結構付き合いは長いと自負してたけど……初めて見たわこいつのこういう真面目な姿。あや子もただのロリコンじゃなかったんだな……
「……なんかさりげにめちゃくちゃ失礼な事考えてないかしら小絃?」
「ハッハッハ。気のせい気のせい。それよりホラ。続き教えてよ」
「……まあ良いわ。次はその状態のまま左右に身体を揺らしなさい」
「ん、了解」
ともかくあや子も真剣な以上。こちらとしてもありがたく集中してリハビリに取り組ませて貰うとしようか。一分、一秒でも早く……身体を元の状態に戻したいからね。

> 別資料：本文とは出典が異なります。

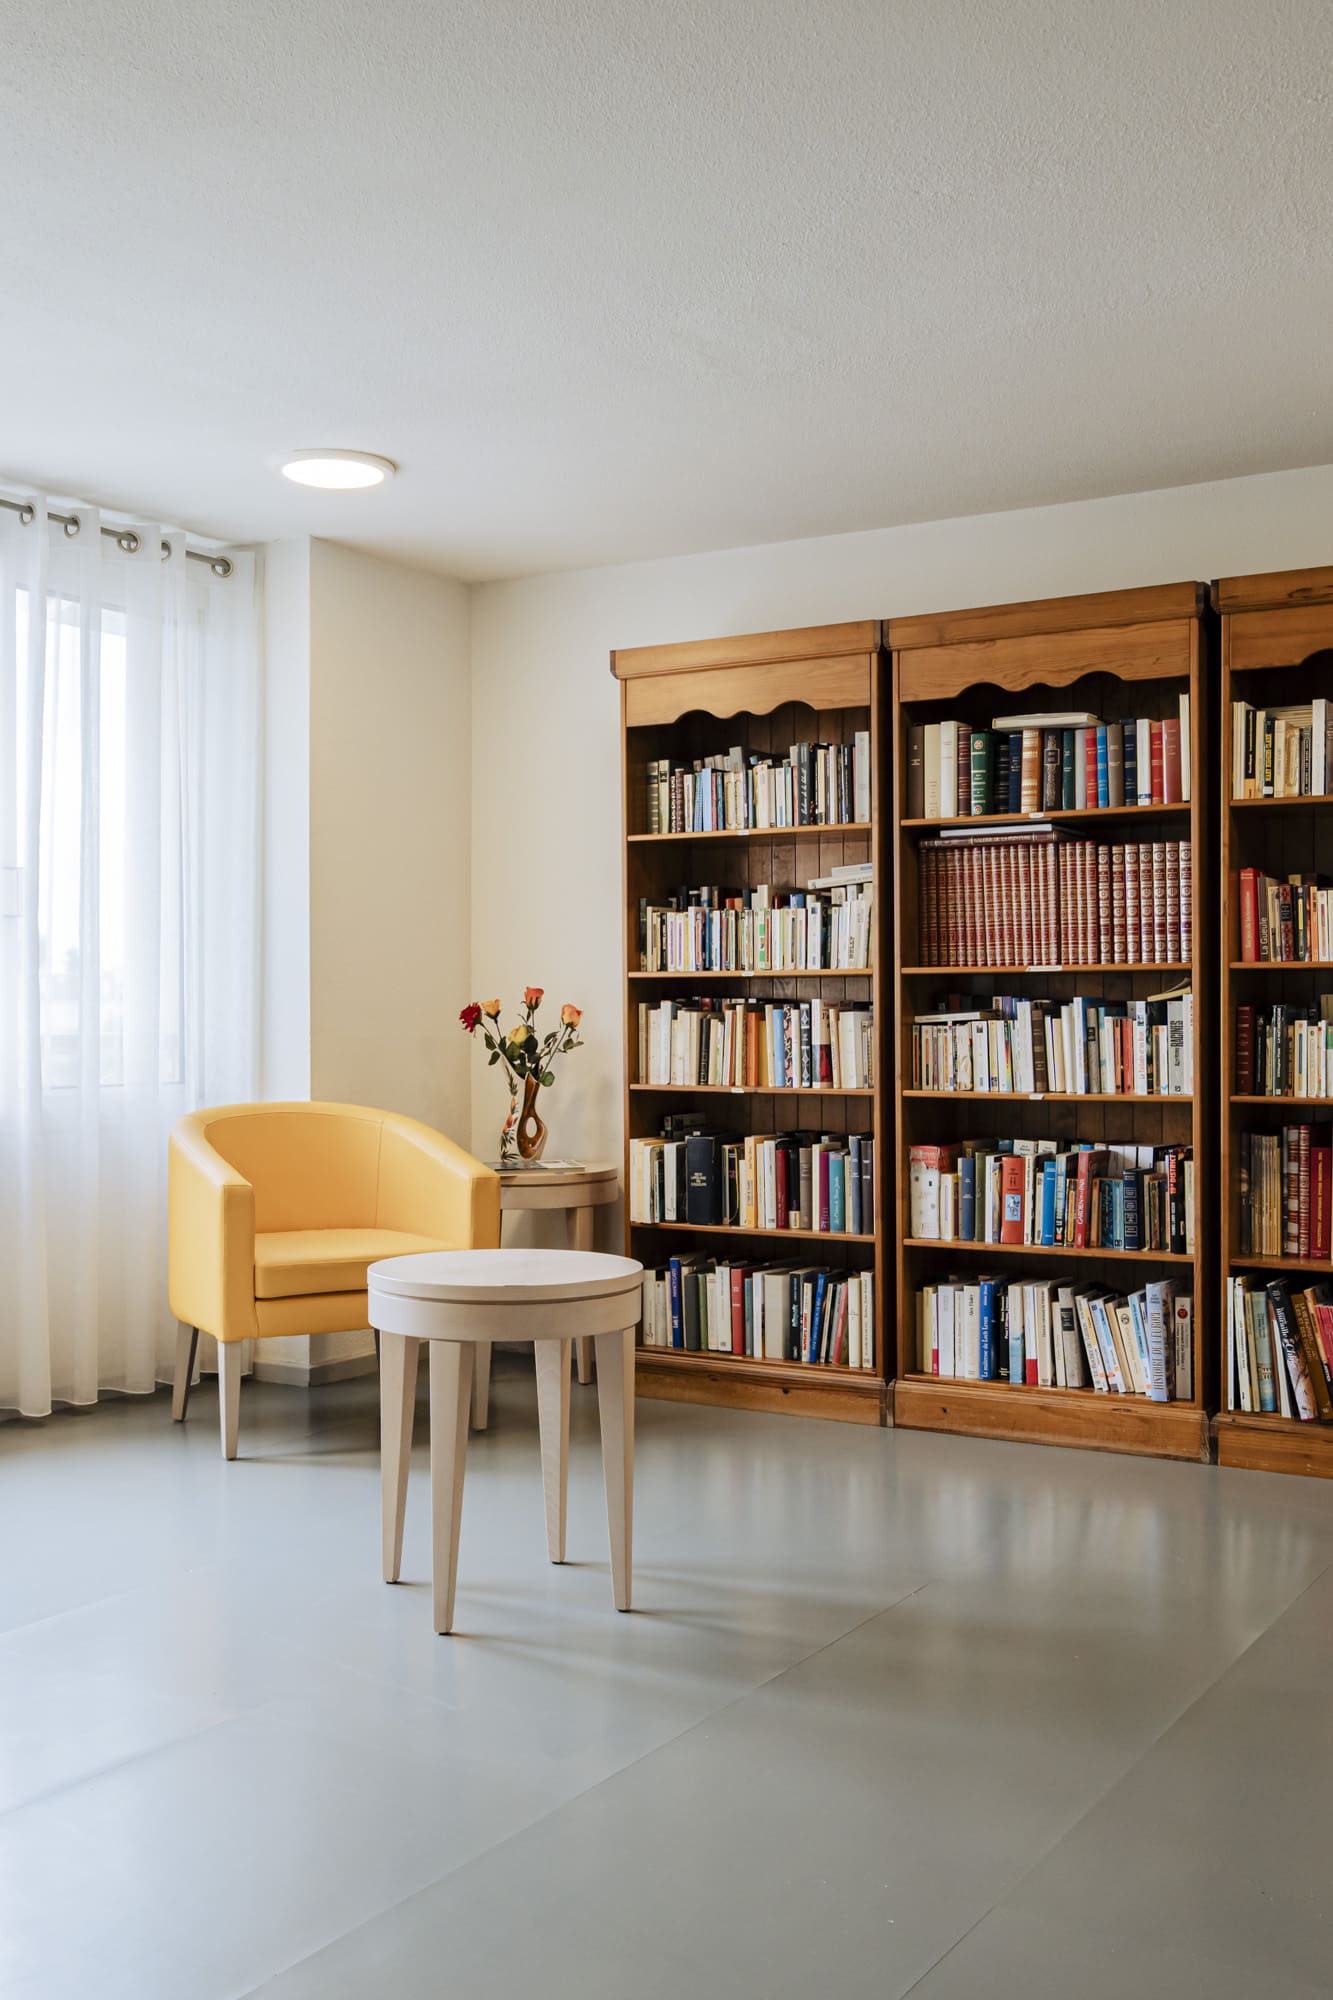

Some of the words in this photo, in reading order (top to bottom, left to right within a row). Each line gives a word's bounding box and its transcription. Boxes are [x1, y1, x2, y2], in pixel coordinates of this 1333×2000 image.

「……ふむ、結構頑張るじゃないの小絃。ちょっと意外かも」
「は?何急に……」
なんて事をリハビリをやりながら考えていた私に。あや子の奴は急にそう言いだした。何が意外だって?
「いやー。小絃の見た目があの頃のままだからってのもあるけれど。私の中の小絃のイメージって高校の時のイメージが強く残っているワケよ。だからかな……あれだけ運動音痴で、運動嫌いで。体育の授業は何かと理由を付けてサボってた小絃が……割とキツいリハビリなのに嫌がらずに、こんなにも真面目に取り組んでるなんてね。ちょっと……いやかなり意外だったなって」
私に指導を続けつつ、あや子はそうしみじみ呟いてくる。うっさいなぁ……サボってたのはお前もじゃろがい……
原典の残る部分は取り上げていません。